Exploring history in the Bethlem Archives
A history of the Bethlem archives
The Bethlem Archives contain 450 years of material, including committee minutes and papers dating from 1559, as well as financial, administrative and clinical records, correspondence, private papers, reports and photographs for much of the history of the Hospital.
The amount of material created and stored expanded in the nineteenth century. In 1853, Bethlem became subject to the Lunacy Acts (1845), which heavily regulated the numerous county pauper asylums and private “madhouses” built by this date. Patient casebooks had to be regularly updated, and many records are detailed, providing fascinating insight into nineteenth century culture and society, as well as life in the asylum and individual patients (NB. Only cases dating from over 100 years ago are open to public inspection).

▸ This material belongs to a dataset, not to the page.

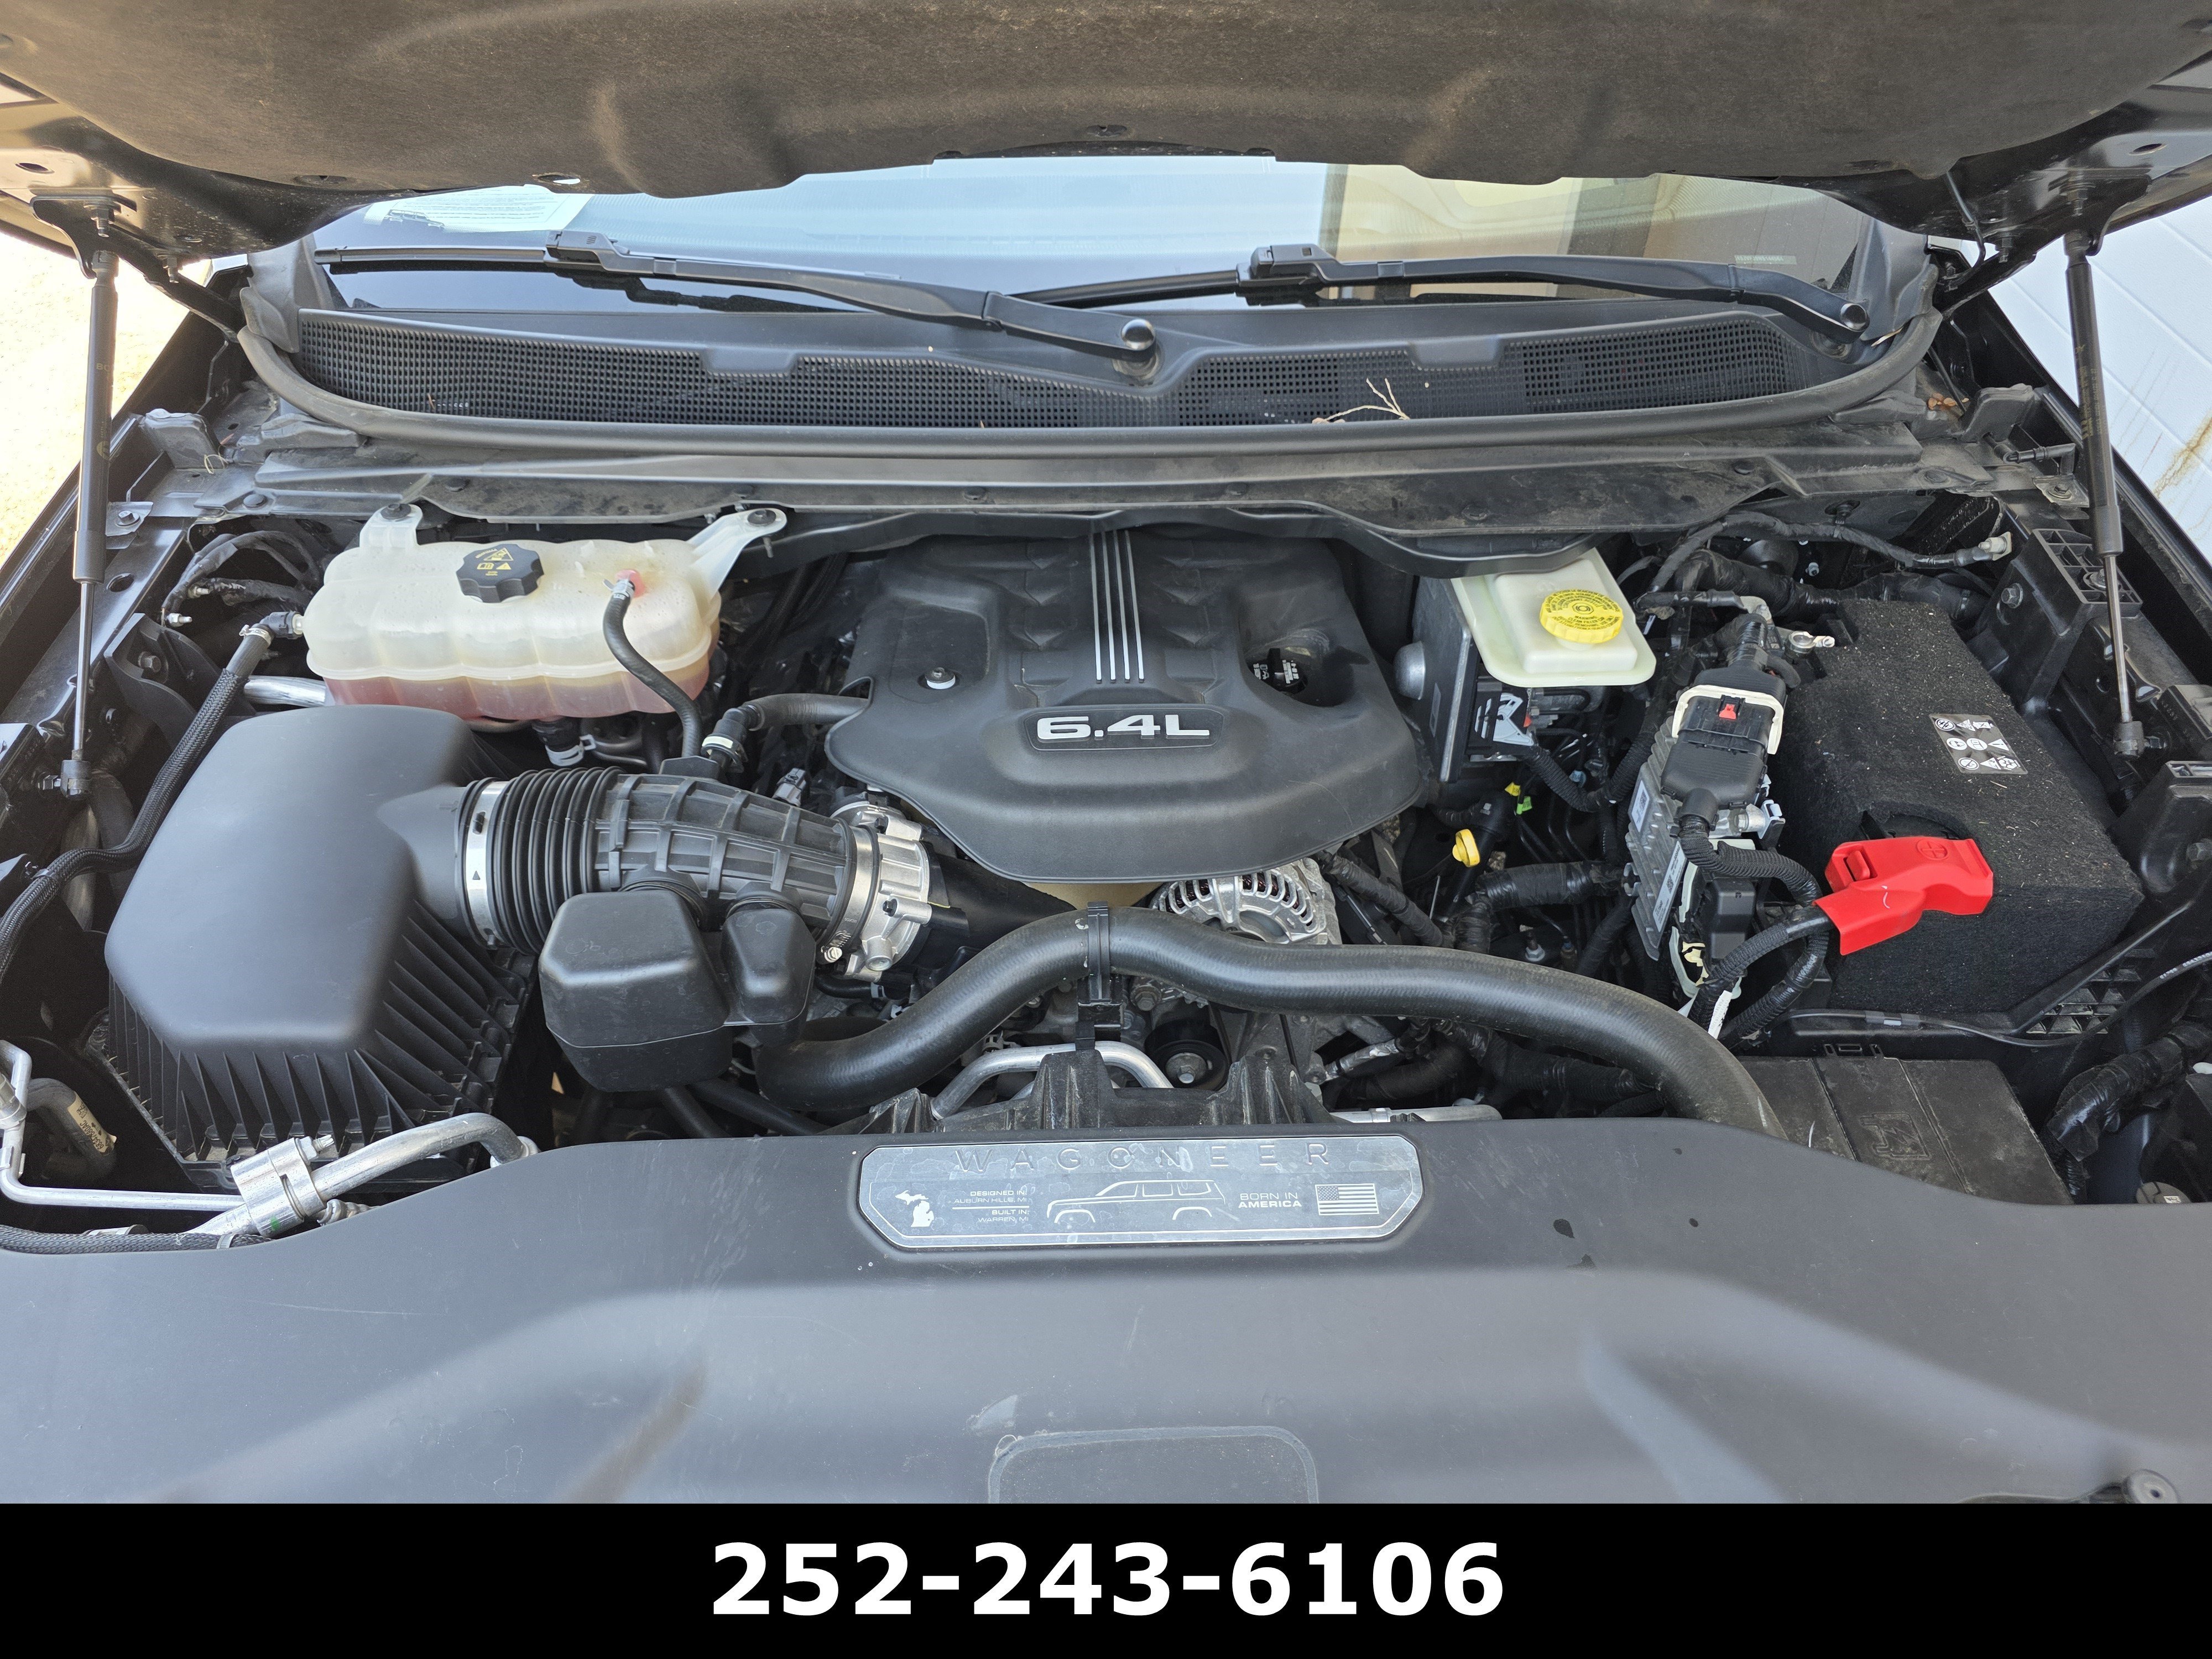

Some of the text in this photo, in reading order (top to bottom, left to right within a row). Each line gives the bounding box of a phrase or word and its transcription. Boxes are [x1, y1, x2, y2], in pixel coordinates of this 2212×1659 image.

[1037, 714, 1210, 740] 6.4L
[954, 1141, 1330, 1173] WAGONEER
[1238, 1200, 1302, 1208] AMERICA

The Notes from the Archives series, penned by one of our researchers, will cover some of these insights.
Hallucinations and delusions in the nineteenth century.
Nineteenth century asylum medical officers – or alienists, as they were often known – showed particular interest in the content of the hallucinations and delusions of many of their patients. From the early 1880s, these had to be recorded in detail by a medical officer on admission of the patient to Bethlem – information was also requested during an interview with a relative.
From 1886, hallucinations were divided into those of sight, hearing, taste, smell and “common sensation,” while delusions included those of exaltation (such as belief in special or superior powers) and depression (most commonly religious loss or worldly ruin), as well as delusions relating to food, which often resulted in a patient refusing to eat. Some delusions are specific, and indicate particular themes or events and the ways in which they were picked up by Victorian society.